Então me diz: como você gostaria de ser lembrado? (pausa)

E, como não poderia ser diferente, a nossa história teria que ser contada em forma de canção, pois, como bem dizia o poeta: CANTAR é o que mais se parece COM NÃO MORRER!

Música: Enquanto engomo a calça

2º Augusto Ângelo Risuenho

Nascido na Zona do Salgado. Bragantino. Bragantino e bancário. Também foi filho, tio, avô, marido, pai e amigo. Se bem que “amigo” se enquadra em todos os outros adjetivos. AUGUSTO ÂNGELO NORONHA RISUENHO.

22 de janeiro de 1953, mas a história de hoje vai começar nos anos 70, quando já existia o violão. Foi amor à primeira vista. Jovem guarda bombando. Todos os jovens querendo ser Roberto Carlos.

Papai também queria, mas ele era diferente. Ele era um Roberto do interior, com uma personalidade e estilo próprio. Augusto Carlos, talvez? Acho que Augusto Ângelo soava melhor. Sempre a frente do seu tempo: calça boca de sino, motoca envenenada, carro vermelho, cabeleira esvoaçante (se bem que essa a gente sabe que não durou muito tempo).

Guitarrista e crooner da banda “Os Falcões” já aos 17 anos. As meninas suspiravam de paixão! Logicamente não cheguei a acompanhar. Apenas ouvi as histórias e imaginei. E como imaginei. O bicho era doidão.

Acredito que fosse algo mais ou menos assim. Som na caixa, Gutão!

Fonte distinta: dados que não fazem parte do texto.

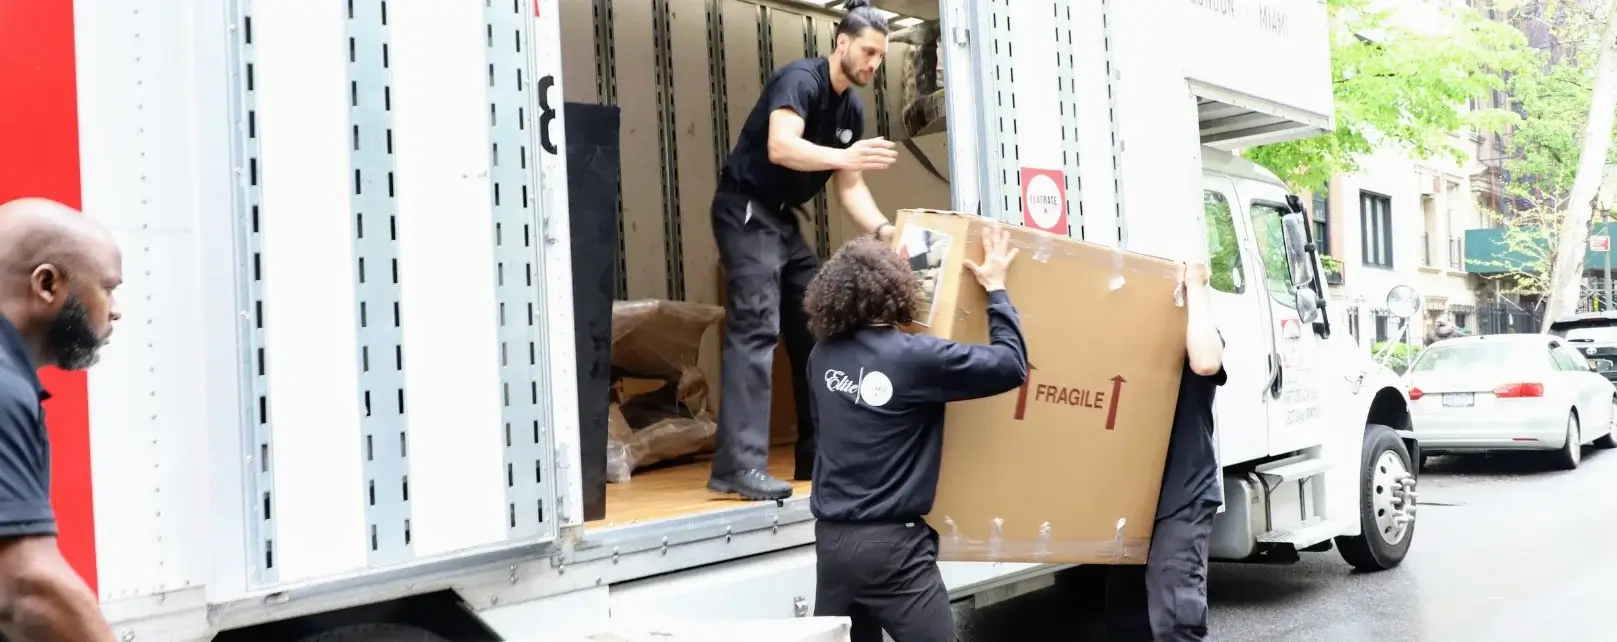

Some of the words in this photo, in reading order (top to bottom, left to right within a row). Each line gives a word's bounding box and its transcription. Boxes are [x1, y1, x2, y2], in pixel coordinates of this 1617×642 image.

Música: Meu carro é vermelho/ Rua Augusta/ Feche os olhos e sinta

3º Made in interior

Made in interior, com muito orgulho! Filho da geração de ouro! Ângelo, Piúca, Wanderil, Wanderley, Kaká, Índio, Edinho, Shell, Evandro, Bibico, Tatu, Fabiano, Koroty, Gabriel, Manoel Barros. Tia Rosilda, eu estou presente! E a história estava só começando. Mas Bragança foi ficando pequena para tanto talento. Pelo menos, para aquela fase da vida. Não só para eles, mas para tantos outros amigos e conterrâneos. Cada um foi tomando o seu rumo. O rumo do papai foi o Banco do Brasil – Manaus e depois Belém. Manaus e depois Belém... Juventude transviada! “Cidade grande são outros quinhentos”; trabalho, serestas, amigos, mulheres, trabalho - mas ele tirava de letra. O que ele não tirava de letra era a saudade de Bragança. Saudade dos pais, irmãos e dos amigos que ainda estavam por lá.

Cidadão do mundo? Mais ou menos…Sempre vinham os questionamentos:

“O que é que eu faço cá, nessa cidade, se a minha vontade é voltar pro interior. Pra viver a vida mansa: acorda, come e dorme. Sem neurose, ousadia, arranha-céu e elevador” (continua atual, não é?). Mas naquele momento já não dava pra voltar. Não de vez. Agora tinha Maria da Graça, Guto e Léo. Quem é pai sabe - e ele era bom no ofício. Não dava pra voltar, mas dava pra transformarem cada vivência em canção.

Música: Indecisão (3:47)

4º Pai e marido

O tempo não perdoa - e a gente sabe bem. Logo o Augusto Ângelo virou o adulto Ângelo. Pai e marido. Aqui foi quando eu parei de imaginar e comecei a acompanhar. Foi quando as nossas histórias se cruzaram. Ele não fez esforço para virar o meu ídolo. O meu herói. E não virou ídolo depois de morto não! Sempre foi. Ele era como um desses furacões que passa a cada 100 anos. Atípico feito uma pandemia. Conseguia reunir ao mesmo tempo duas características que se repelem por natureza: responsabilidade e irresponsabilidade. Eu e Guto não roubamos, herdamos! Cada um com o quinhão que nos compete. Papai também era engraçado, afoito, estressado, indiscreto, maluco, parceiro. O combo perfeito para as desventuras do dia a dia:

Sabe aquela música do Chico Buarque: “artista - é doido pela Portela, olha ele vestido de verde e rosa”?. Era bem isso.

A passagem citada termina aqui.